Other cases don’t turn out so well. Many become prolonged, agonizing situations where doctors must communicate with multiple family members who sometimes disagree. Doctors often see a pattern where adult children who live far away from a dying parent often want multiple interventions – even if a parent doesn’t want aggressive treatment. The guilt over living far away from a loved one can spur irrational behavior. Studies show that doctors and family members guess poorly about how much medical intervention a patient would want.
In one case Tyrrell dealt with 20 different family members after a 76-year-old man had two successive strokes on both sides of the brain. He became incapacitated and had left no medical directive.
“I can’t discuss with the patient what he wants,” Tyrrell said.
So she was left to sort out family wishes. First, the family chose to have a feeding tube surgically installed, which extended the man’s life. Then, for one year, they wanted full CPR if his heart stopped. Finally, family members realized that the man’s quality of life had declined to the point where they were willing to allow him not to be resuscitated. He died two years after the strokes.
“We will spend limitless amounts of money at the end of life even though we’re denying basic care to children and the working poor,” Tyrrell said. “This is costing the Medicaid and Medicare system billions.”
She works with all her patients to try to get them to write down their desires.
“Many will say, ‘Honey, if the good Lord wants me, I’m ready to go.’’’
Dr. Amy Mohler is chief clinical medical officer for Hospice and Palliative Care of Western Colorado. She finds one consistent wish from her patients.
“They don’t want to be left alone,” Mohler said.
Back when she was in medical school, there was no training in end-of-life care. Now some doctors learn how to have critical conversations with their patients. Mohler has learned the art of listening well.
“You make sure you have the time you need, that you have a quiet setting. You need time to be empathetic,’’ Mohler said. “It’s less talking and more listening. It’s common that a patient wants to die and families are not ready.”
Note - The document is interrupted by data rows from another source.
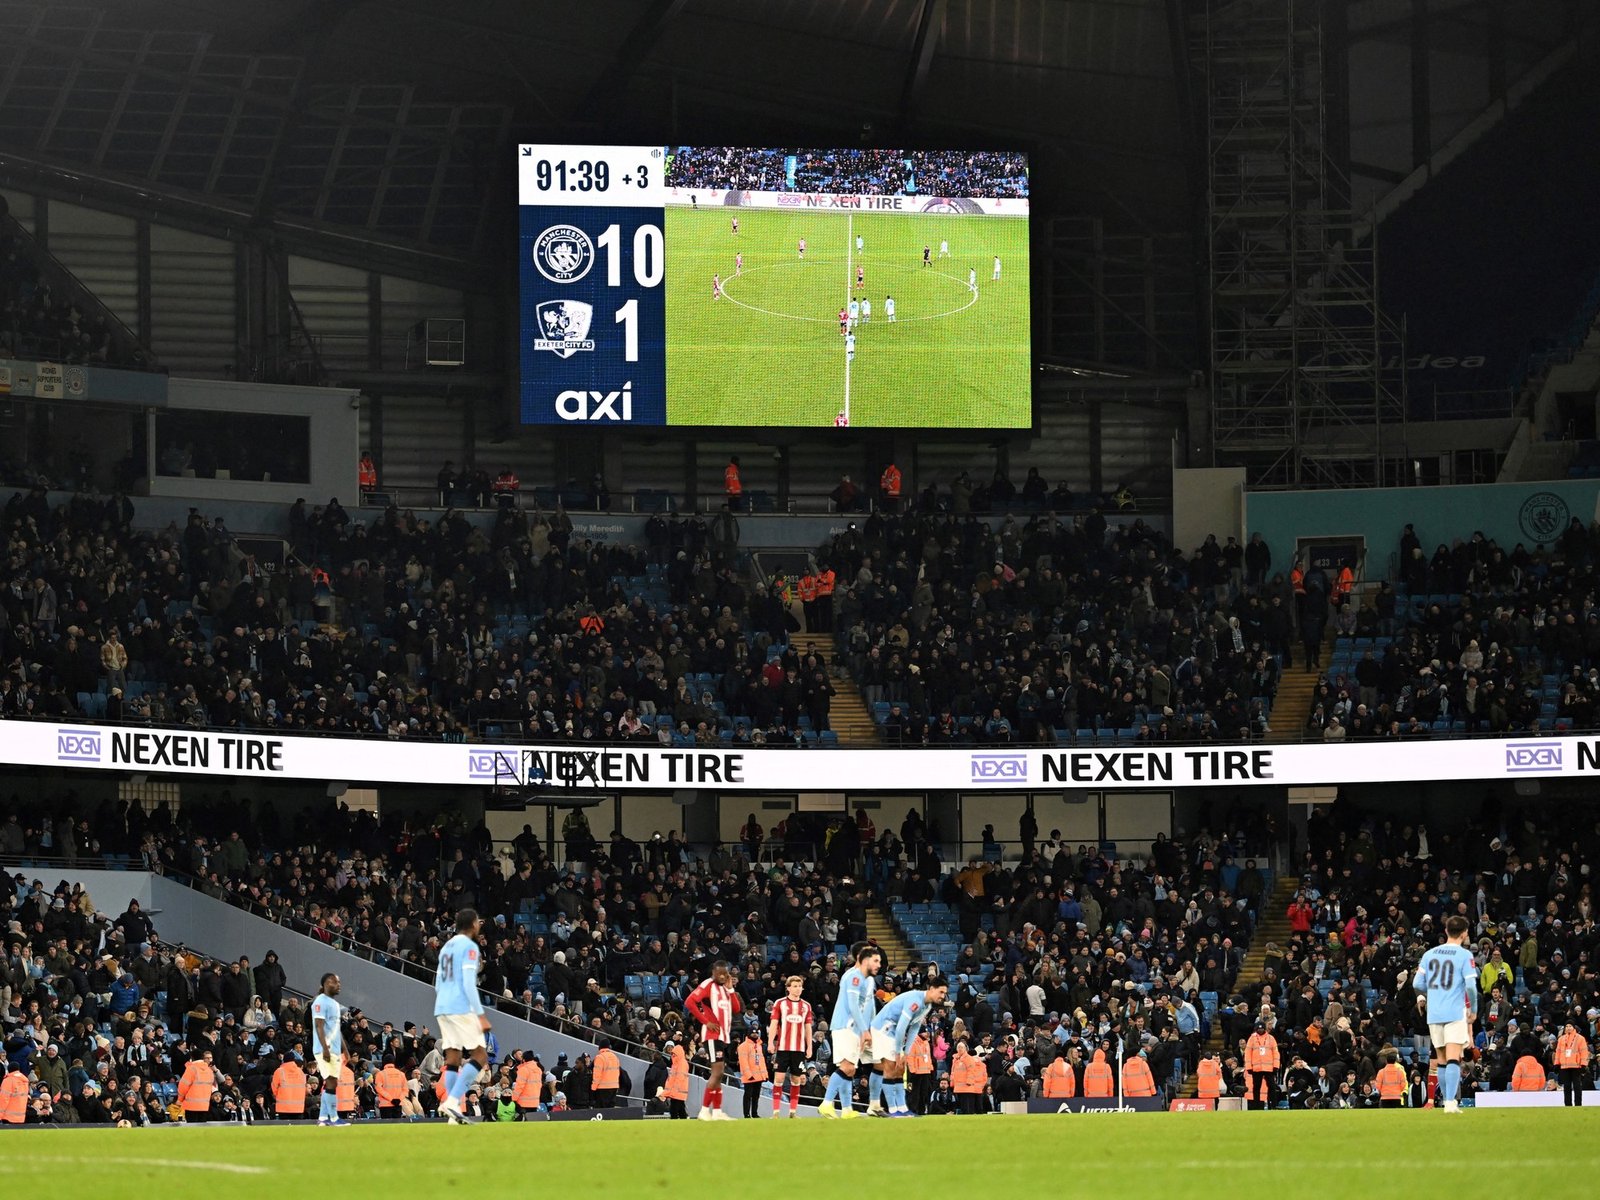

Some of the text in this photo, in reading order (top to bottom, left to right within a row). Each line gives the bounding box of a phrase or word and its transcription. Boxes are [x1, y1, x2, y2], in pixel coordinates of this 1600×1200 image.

[536, 159, 610, 192] 91:39
[807, 195, 903, 210] NEXEN TIRE
[540, 229, 588, 248] MANCHESTER
[597, 223, 665, 288] 10
[582, 341, 592, 349] FC
[615, 299, 639, 362] 1
[555, 380, 632, 421] axi
[58, 735, 101, 756] NEXEN
[111, 731, 284, 772] NEXEN TIRE
[1506, 747, 1563, 766] NEXEN
[469, 755, 518, 774] NEXEN
[529, 751, 744, 783] NEXEN TIRE
[971, 759, 1028, 777] NEXEN
[1041, 750, 1274, 782] NEXEN TIRE
[1428, 958, 1454, 991] 20
Mohler had one 60-year-old patient whose kidneys were failing. She also had terminal pancreatic cancer. The woman had been enduring dialysis treatments three times a week and finally decided to stop. That decision empowered the patient.
“I’m so relieved. I don’t have to go to dialysis anymore. It’s so liberating,” the patient told Mohler.
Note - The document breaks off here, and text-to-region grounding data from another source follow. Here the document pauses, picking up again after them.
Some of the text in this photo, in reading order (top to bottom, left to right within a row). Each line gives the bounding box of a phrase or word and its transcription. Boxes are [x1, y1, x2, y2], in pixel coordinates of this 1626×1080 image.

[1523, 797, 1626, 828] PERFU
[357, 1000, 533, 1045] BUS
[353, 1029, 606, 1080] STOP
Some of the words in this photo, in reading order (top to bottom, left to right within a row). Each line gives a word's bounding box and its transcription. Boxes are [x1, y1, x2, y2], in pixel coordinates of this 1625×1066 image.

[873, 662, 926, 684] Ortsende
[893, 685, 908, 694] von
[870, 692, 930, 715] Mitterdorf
“I wonder if someone had explained to her that she had choices if she would have stopped sooner,” Mohler said.
Good care requires informed consent, frank talk
Dr. Michael Pramenko is president of the Colorado Medical Society and a family physician with Primary Care Partners in Grand Junction. His office is next door to Grand Junction’s hospice.
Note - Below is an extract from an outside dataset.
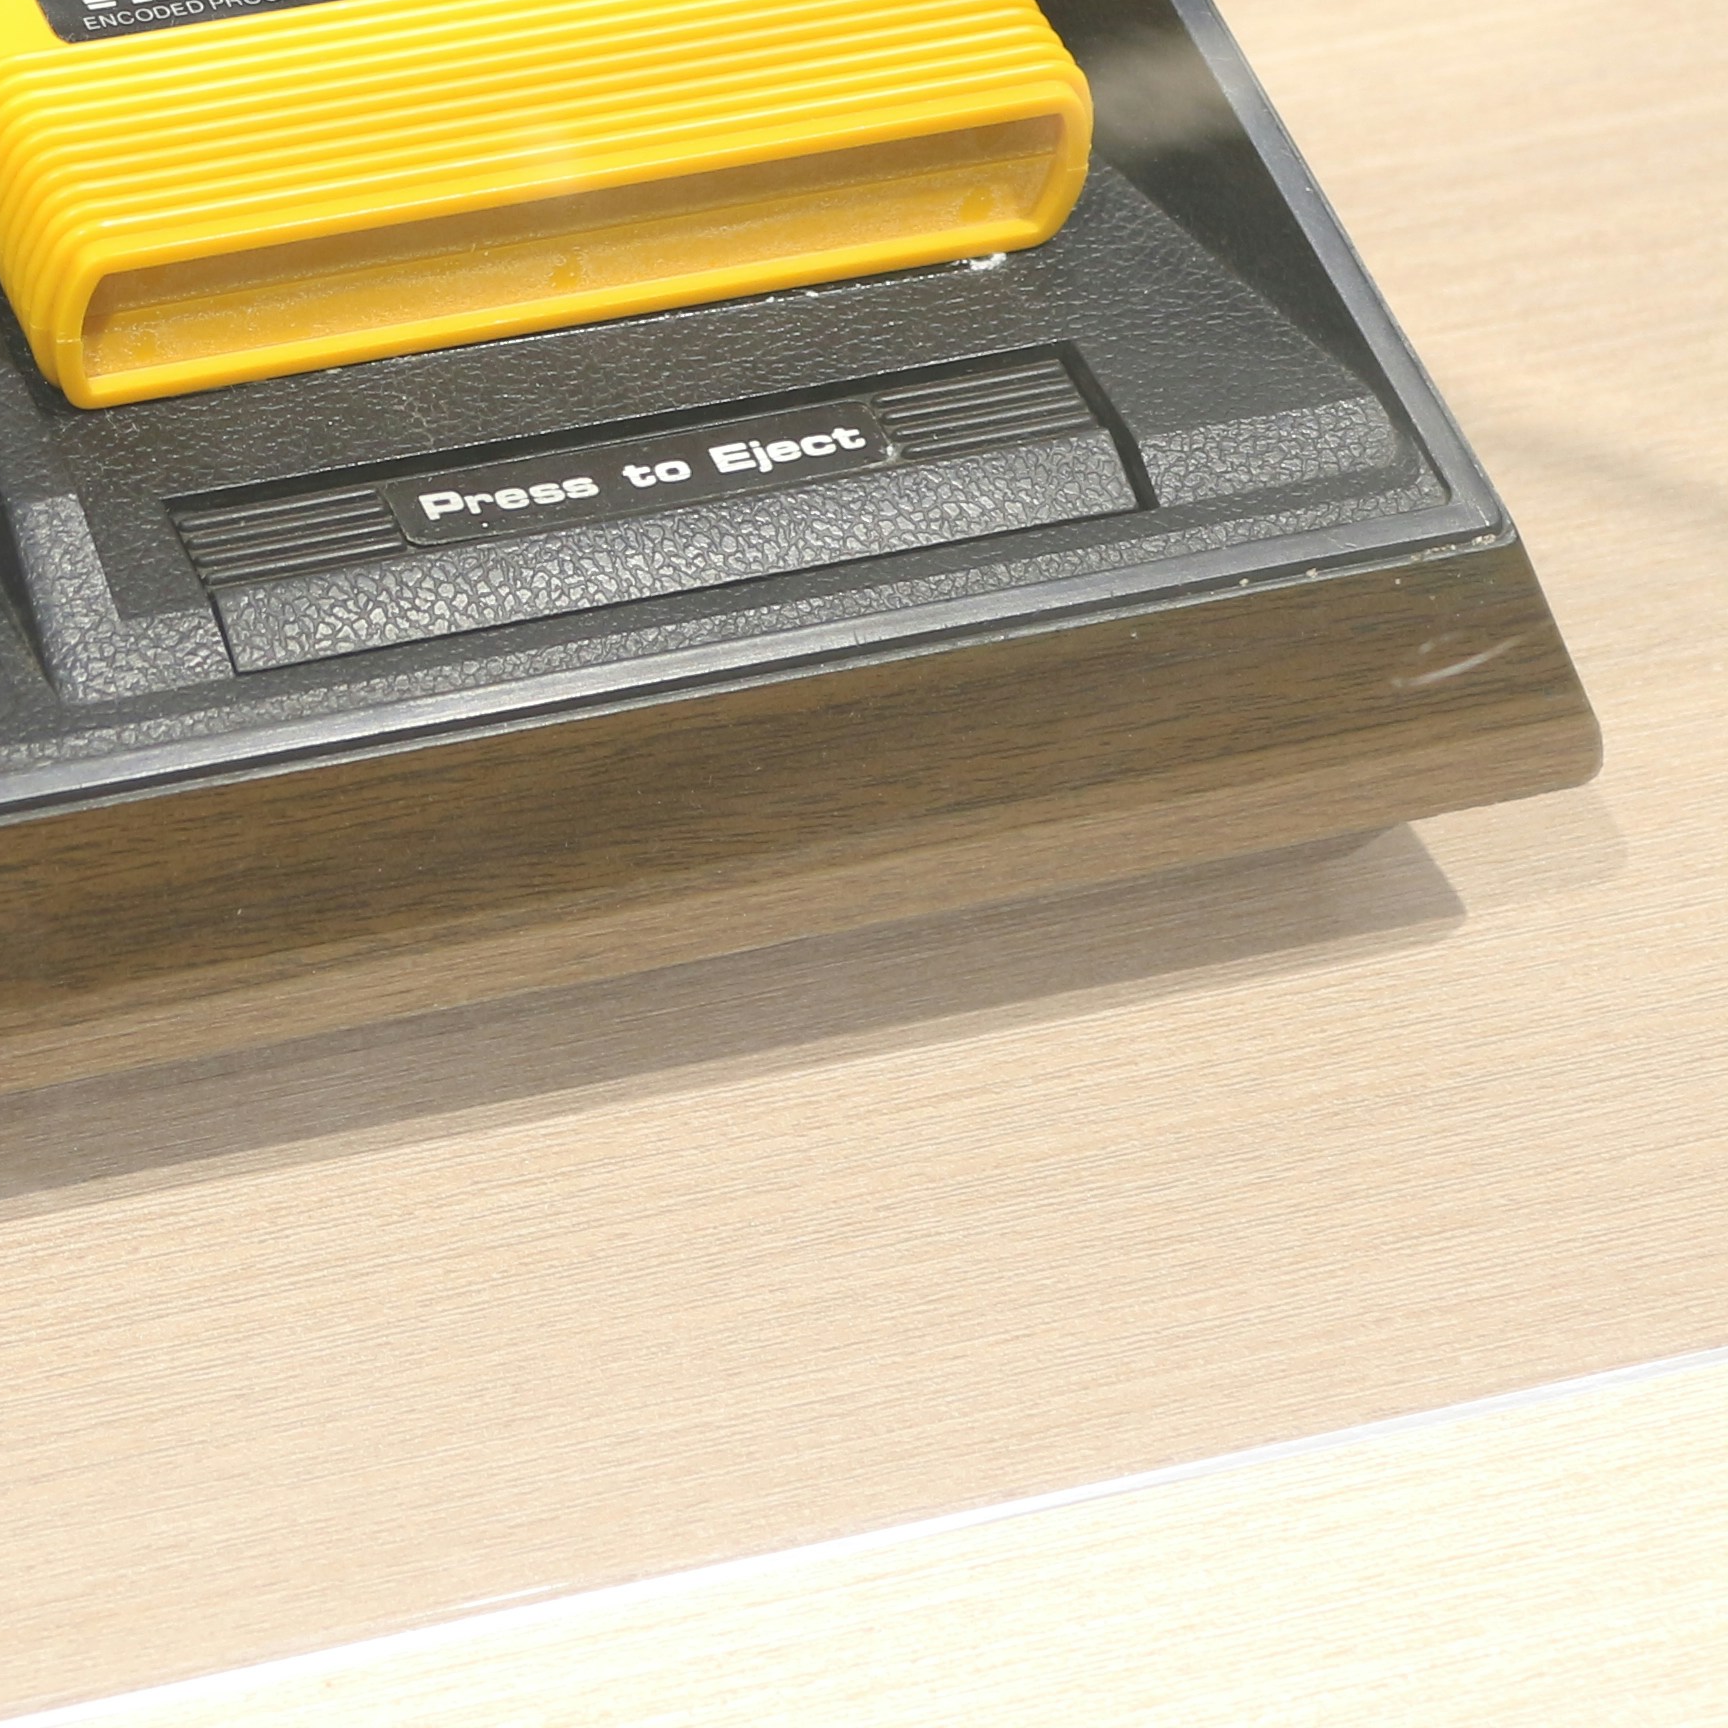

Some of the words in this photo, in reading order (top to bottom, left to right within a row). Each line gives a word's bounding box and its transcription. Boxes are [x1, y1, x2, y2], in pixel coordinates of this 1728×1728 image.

[83, 0, 204, 31] ENCODED
[418, 477, 600, 521] Press
[622, 459, 692, 488] to
[709, 426, 867, 473] Eject
Pramenko was hopeful when the new regulation was set to take effect in early January, allowing him to be reimbursed for once-yearly conversations with sick or elderly patients. He knows that patients feel most comfortable having the toughest of conversations of their lives in his office.
“This is where you’re honest about health issues. What bigger health issue is there, other than birth, but death?” Pramenko said. “This is part of taking proper care of people.”
When those tough conversations happen, Pramenko gives honest answers. For instance, he tells his cancer patients that chemotherapy may be extremely hard on their bodies. In some cases, it may hasten death, rather than save a life.
“Some people can’t make a decision to let go. You lay it out for them. That’s called informed consent,” Pramenko said.
He feels fortunate that when one of his patients is being treated at Grand Junction’s Hospice Care Center, he can go next door to visit them.
But Pramenko believes that throughout the country, we must grapple with questions about end-of-life care.
“We spend most of our Medicare dollars in the last six months of life,” Pramenko said. “If we’re going to keep Medicare going, we’re going to have to deal with the process of how we die.”
“That’s not (advocating for) ‘death panels,’” Pramenko said. “That’s being responsible with public funds.”